II.1 DEFINISI GLAUKOMA
Glaucoma adalah suatu keadaan di mana tekanan mata seseorang demikian tinggi atau tidak normal sehingga mengakibatkan kerusakan saraf optic dan mengakibatkan gangguan pada sebagian atau seluruh lapang pandang atau buta. Glaucoma akan terjadi bila cairan di dalam bola mata pengalirannya terganggu. Meningkatnya tekanan di dalam bola mata ini disebabkan oleh ketidak-seimbangan antara produksi dan pembuangan cairan dalam bola mata, sehingga merusak
jaringan-jaringan syaraf halus yang ada di retina dan di belakang bola mata. 1,2

II.2 EPIDEMIOLOGI GLAUKOMA
Glaukoma adalah penyebab kebutaan kedua terbesar di dunia setelah katarak. Diperkirakan 66 juta penduduk dunia sampai tahun 2010 akan menderita gangguan penglihatan karena glaukoma. Kebutaan karena glaukoma tidak bisa disembuhkan, tetapi pada kebanyakan kasus glaukoma dapat dikendalikan.2
            Di Indonesia glaucoma merupakan penyebab kebutaan yang ketiga yaitu 0,16% dari penduduk Indonesia. Biasanya dari mereka yang menderita glaucoma pada awalnya tidak banyak mengetahui bahwa mereka menderita glaucoma. Beberapa dari mereka akan mengalami kebutaan pada usia 40,50,60 tahun. Setelah mereka buta akibat glaucoma, penglihatan dan funfsi penglihatannya tidak dapat diperbaiki lagi.1
            Berdasarkan Survei Kesehatan Indera Penglihatan tahun 1993-1996 yang dilakukan oleh Departemen Kesehatan Republik Indonesia didapatkan bahwa glaukoma merupakan penyebab kebutaan nomer 2 sesudah katarak (prevalensi 0,16%). Katarak 1,02%, Glaukoma  0,16%, Refraksi 0,11% dan Retina 0,09%. 3
II.3 ETIOLOGI GLAUKOMA
Bilik anterior dan bilik posterior mata terisi oleh cairan encer yang disebut humor aqueus.4
Fisiologi aquos humour
Humor akuos berperan sebagai pembawa zat makanan dan oksigen untuk organ di dalam mata yang tidak berpembuluh darah yaitu lensa dan kornea, disamping itu juga berguna untuk mengangkut zat buangan hasil metabolisme pada kedua organ tersebut.
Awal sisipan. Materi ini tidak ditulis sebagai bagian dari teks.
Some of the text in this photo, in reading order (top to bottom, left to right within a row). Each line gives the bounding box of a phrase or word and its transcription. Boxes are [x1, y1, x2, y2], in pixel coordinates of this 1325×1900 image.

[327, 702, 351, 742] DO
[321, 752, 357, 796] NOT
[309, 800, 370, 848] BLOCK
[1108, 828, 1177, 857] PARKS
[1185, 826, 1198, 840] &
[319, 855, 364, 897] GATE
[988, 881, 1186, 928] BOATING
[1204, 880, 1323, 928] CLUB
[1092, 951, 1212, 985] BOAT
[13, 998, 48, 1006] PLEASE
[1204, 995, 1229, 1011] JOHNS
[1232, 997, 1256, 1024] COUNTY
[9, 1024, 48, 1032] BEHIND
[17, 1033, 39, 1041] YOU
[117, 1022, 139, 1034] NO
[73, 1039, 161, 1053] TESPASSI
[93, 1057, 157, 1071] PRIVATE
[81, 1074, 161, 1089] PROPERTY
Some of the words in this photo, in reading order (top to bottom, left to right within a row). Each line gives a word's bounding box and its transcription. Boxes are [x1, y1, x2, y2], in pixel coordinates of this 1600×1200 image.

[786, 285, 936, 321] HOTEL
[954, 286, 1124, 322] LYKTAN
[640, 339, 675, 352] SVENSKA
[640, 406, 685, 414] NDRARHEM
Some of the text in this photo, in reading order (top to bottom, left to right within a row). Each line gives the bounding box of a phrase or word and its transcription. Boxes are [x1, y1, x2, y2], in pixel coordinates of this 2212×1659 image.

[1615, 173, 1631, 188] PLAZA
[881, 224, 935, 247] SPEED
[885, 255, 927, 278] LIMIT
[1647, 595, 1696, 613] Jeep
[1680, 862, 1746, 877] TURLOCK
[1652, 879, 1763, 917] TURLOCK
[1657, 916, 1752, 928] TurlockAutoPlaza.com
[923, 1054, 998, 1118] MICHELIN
Adanya cairan tersebut akan mempertahankan bentuk mata dan menimbulkan tekanan dalam bola mata/tekanan intra okuler. Tekanan intraokuler inilah yang berperan dalam terjadinya glaukoma sehingga menimbulkan kerusakan pada saraf optik. Humor akuos diproduksi oleh badan silier, masuk ke dalam bilik mata belakang kemudian mengalir ke bilik mata depan melalui pupil. Setelah sampai ke bilik mata depan humor akuos akan meninggalkan bola mata melalui suatu bangunan yang disebut trabekulum yang terletak di sudut iridokornea. Keseimbangan antara produksi dan pengeluaran/ pembuangan humor akuos inilah yang menentukan jumlah humor akuos di dalam bola mata. 3

[diakses tanggal 17 April 2010]
Jika aliran cairan ini terganggu (biasanya karena penyumbatan yang menghalangi keluarnya cairan dari bilik anterior), maka akan terjadi peningkatan tekanan.4
Peningkatan tekanan intraokuler akan mendorong perbatasan antara saraf optikus dan retina di bagian belakang mata. Akibatnya pasokan darah ke saraf optikus berkurang sehingga sel-sel sarafnya mati. Karena saraf optikus mengalami kemunduran, maka akan terbentuk bintik buta pada lapang pandang mata. Yang pertama terkena adalah lapang pandang tepi, lalu diikuti oleh lapang pandang sentral. Jika tidak diobati, glaukoma pada akhirnya bisa menyebabkan kebutaan. 4


II.4 DIAGNOSIS
Pada penderita dengan dugaan glaukoma dapat dilakukan pemeriksaan sebagai berikut: 3
1.      Biomikroskopi, untuk menentukan kondisi segmen anterior mata, dengan pemeriksaan ini dapat ditentukan apakah glaukomanya merupakan glaukoma primer atau sekunder.
2.      Gonioskopi, menggunakan lensa gonioskop. Pemeriksaan ini bertujuan untuk melihat sudut pembuangan humor akuos sehingga dapat ditentukan jenis glaukomanya sudut terbuka atau tertutup.
3.      Oftalmoskopi, yaitu pemeriksaan untuk menentukan adanya kerusakan saraf optik berdasarkan penilaian bentuk saraf optik menggunakan alat oftalmoskop direk.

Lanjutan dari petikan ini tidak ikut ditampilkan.